Où étais-tu Adam ?
L'auteur décrit en neuf épisodes le périple du soldat Feinhals depuis le front oriental jusqu'à la maison de ses parents. Il ordonne les épisodes en mosaïque composée, témoignant des déchirures matérielles et corporelles que la guerre impose. Sur son chemin, Feinhals rencontre d'autres soldats, des supérieurs, une aubergiste tchèque qui depuis plusieurs années voit le flux , le reflux et le déferlement incessant de soldats, une juive catholique dont on découvre le destin tragique, tous victimes dans le récit des revers d'une guerre sans fin.

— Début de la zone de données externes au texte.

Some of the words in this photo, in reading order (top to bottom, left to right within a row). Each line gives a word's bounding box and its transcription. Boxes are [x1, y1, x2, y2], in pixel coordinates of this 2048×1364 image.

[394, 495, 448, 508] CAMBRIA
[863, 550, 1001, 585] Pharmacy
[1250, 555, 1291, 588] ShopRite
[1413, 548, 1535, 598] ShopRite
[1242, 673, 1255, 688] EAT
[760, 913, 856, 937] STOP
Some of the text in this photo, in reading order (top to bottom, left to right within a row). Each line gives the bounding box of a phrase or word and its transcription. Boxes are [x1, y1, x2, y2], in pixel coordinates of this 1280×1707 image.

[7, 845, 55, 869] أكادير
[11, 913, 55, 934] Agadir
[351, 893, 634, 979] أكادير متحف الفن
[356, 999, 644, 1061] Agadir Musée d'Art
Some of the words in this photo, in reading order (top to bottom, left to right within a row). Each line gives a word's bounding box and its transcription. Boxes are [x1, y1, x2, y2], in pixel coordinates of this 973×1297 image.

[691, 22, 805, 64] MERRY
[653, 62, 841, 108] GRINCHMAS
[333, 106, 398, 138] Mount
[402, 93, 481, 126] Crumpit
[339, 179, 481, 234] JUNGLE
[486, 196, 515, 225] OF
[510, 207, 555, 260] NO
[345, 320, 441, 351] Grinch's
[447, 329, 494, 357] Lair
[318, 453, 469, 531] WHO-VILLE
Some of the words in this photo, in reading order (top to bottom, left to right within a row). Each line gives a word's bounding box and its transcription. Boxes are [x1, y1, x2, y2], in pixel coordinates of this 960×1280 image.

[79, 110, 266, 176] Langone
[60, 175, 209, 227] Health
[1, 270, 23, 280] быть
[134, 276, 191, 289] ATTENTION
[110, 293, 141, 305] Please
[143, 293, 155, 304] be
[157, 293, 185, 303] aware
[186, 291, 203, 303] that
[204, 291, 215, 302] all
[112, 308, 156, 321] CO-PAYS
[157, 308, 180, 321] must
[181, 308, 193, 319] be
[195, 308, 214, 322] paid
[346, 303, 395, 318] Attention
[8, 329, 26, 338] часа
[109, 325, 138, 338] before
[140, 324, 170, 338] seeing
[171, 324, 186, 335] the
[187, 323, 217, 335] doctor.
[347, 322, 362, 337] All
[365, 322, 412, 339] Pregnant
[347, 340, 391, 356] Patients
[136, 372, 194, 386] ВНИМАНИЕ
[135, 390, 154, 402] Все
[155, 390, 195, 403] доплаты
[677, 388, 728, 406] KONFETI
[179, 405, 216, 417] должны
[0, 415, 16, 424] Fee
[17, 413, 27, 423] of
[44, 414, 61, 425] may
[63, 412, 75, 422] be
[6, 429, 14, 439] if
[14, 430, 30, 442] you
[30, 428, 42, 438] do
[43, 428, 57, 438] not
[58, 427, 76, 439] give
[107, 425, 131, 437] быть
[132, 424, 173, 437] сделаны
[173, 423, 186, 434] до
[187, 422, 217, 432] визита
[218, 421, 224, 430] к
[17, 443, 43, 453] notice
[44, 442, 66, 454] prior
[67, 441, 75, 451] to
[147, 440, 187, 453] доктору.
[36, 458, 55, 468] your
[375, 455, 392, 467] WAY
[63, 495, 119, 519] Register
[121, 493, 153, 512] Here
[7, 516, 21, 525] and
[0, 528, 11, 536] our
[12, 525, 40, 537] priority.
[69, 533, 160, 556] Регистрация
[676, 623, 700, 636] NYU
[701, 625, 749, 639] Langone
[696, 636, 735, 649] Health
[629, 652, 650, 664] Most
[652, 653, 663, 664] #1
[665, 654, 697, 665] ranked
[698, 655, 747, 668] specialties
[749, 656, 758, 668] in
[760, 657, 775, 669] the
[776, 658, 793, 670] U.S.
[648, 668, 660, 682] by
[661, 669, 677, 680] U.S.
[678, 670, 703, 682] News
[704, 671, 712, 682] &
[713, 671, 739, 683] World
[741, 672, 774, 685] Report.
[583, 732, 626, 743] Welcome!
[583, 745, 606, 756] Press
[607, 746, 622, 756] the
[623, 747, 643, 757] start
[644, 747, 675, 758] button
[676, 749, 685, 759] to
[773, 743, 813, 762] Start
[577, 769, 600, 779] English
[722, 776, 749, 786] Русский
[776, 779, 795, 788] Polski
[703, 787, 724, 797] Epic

L'auteur dépeint la désespérance qui se reflète dans les physionomies. Les descriptions se concentrent sur la survie au quotidien dans un monde que la vie semble avoir délaissé, et qui empêche toute vie intérieure. Néanmoins, les personnages luttent contre ce vide, avec le vague espoir de le vaincre, de vivre à nouveau. L'auteur cependant ne laisse aucune illusion sur l'issue de cette entreprise absurde qu'est la guerre. Le supérieur de Feinhals est tué lors de la capitulation par un obus ; la femme juive est tuée brutalement dans un camp de concentration ; et Feinhals, arrivé enfin à la maison de ses parents, meurt tué par une grenade, le drapeau de capitulation devenant son suaire.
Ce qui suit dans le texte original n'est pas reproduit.